-- Try it --
What you write must match the records exactly, except for the images, which are left out.

◆ ◆ ◆ ◆

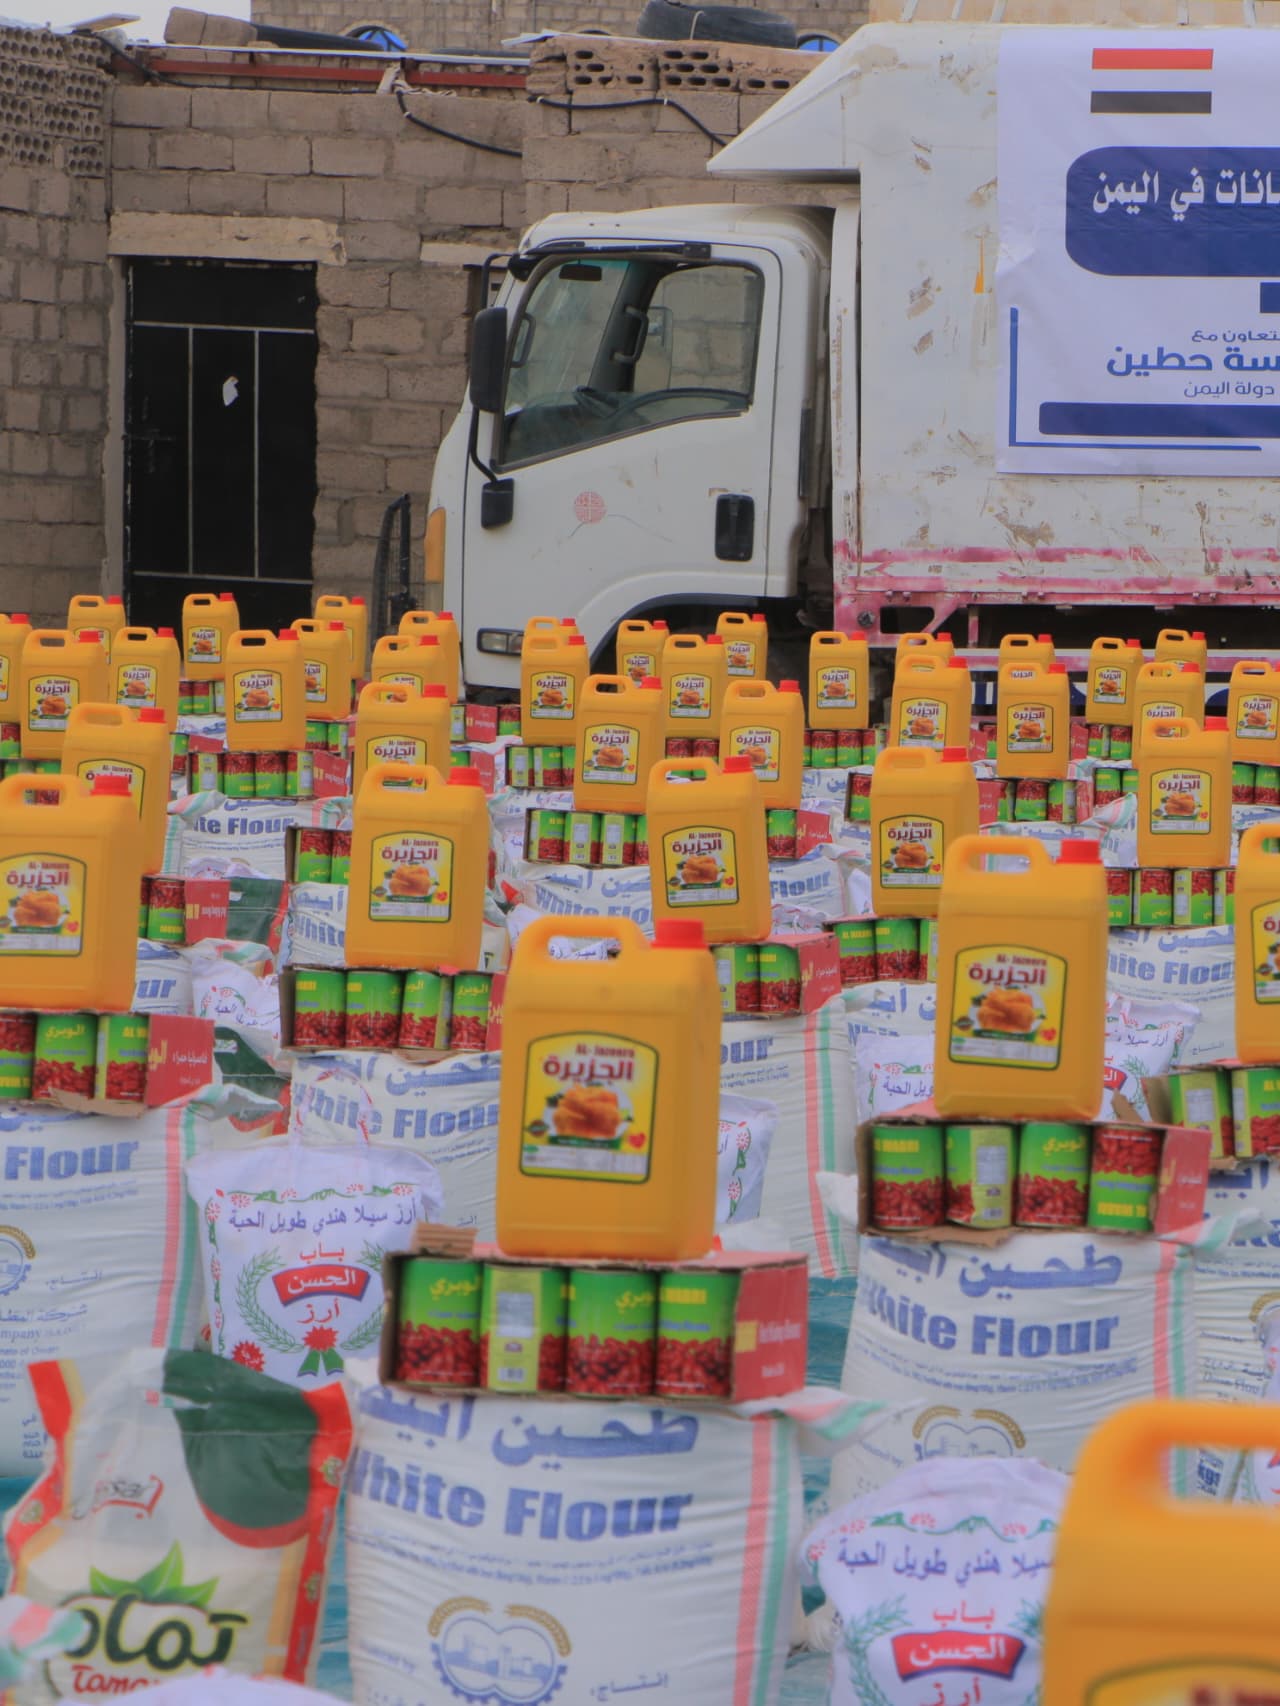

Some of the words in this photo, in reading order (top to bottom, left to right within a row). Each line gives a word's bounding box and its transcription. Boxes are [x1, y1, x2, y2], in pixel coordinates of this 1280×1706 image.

[1093, 170, 1159, 214] اليمن
[1170, 167, 1205, 221] في
[1191, 330, 1219, 343] مع
[1106, 344, 1216, 376] حطين
[1183, 381, 1231, 399] اليمن
[1234, 381, 1275, 400] دولة
[591, 734, 631, 746] الجزيرة
[1157, 779, 1201, 792] الجزيرة
[227, 815, 295, 837] Flour
[887, 826, 933, 842] الجزيرة
[382, 847, 438, 865] الجزيرة
[671, 838, 723, 855] الجزيرة
[7, 871, 70, 891] الجزيرة
[968, 962, 1047, 987] الجزيرة
[543, 1056, 635, 1084] الجزيرة
[4, 1141, 140, 1180] Flour
[228, 1208, 265, 1233] الحبة
[269, 1211, 307, 1235] طويل
[312, 1207, 348, 1236] هندي
[355, 1204, 388, 1228] سيلا
[394, 1198, 416, 1225] أرز
[299, 1241, 346, 1265] باب
[286, 1268, 357, 1296] الحسن
[959, 1243, 1123, 1300] طحين
[297, 1298, 340, 1325] أرز
[971, 1314, 1120, 1358] Flour
[492, 1408, 699, 1472] طحين
[504, 1486, 694, 1541] Flour
[837, 1536, 886, 1574] الحبة
[893, 1544, 947, 1581] طويل
[955, 1548, 1002, 1588] هندي
[932, 1599, 996, 1631] باب
[909, 1636, 1006, 1668] الحسن

◆ ◆ ◆ ◆

-- Solution for this problem --
Some of the words in this photo, in reading order (top to bottom, left to right within a row). Each line gives a word's bounding box and its transcription. Boxes are [x1, y1, x2, y2], in pixel coordinates of this 1280×1706 image.

[1093, 170, 1159, 214] اليمن
[1170, 167, 1205, 221] في
[1191, 330, 1219, 343] مع
[1106, 344, 1216, 376] حطين
[1183, 381, 1231, 399] اليمن
[1234, 381, 1275, 400] دولة
[591, 734, 631, 746] الجزيرة
[1157, 779, 1201, 792] الجزيرة
[227, 815, 295, 837] Flour
[887, 826, 933, 842] الجزيرة
[382, 847, 438, 865] الجزيرة
[671, 838, 723, 855] الجزيرة
[7, 871, 70, 891] الجزيرة
[968, 962, 1047, 987] الجزيرة
[543, 1056, 635, 1084] الجزيرة
[4, 1141, 140, 1180] Flour
[228, 1208, 265, 1233] الحبة
[269, 1211, 307, 1235] طويل
[312, 1207, 348, 1236] هندي
[355, 1204, 388, 1228] سيلا
[394, 1198, 416, 1225] أرز
[299, 1241, 346, 1265] باب
[286, 1268, 357, 1296] الحسن
[959, 1243, 1123, 1300] طحين
[297, 1298, 340, 1325] أرز
[971, 1314, 1120, 1358] Flour
[492, 1408, 699, 1472] طحين
[504, 1486, 694, 1541] Flour
[837, 1536, 886, 1574] الحبة
[893, 1544, 947, 1581] طويل
[955, 1548, 1002, 1588] هندي
[932, 1599, 996, 1631] باب
[909, 1636, 1006, 1668] الحسن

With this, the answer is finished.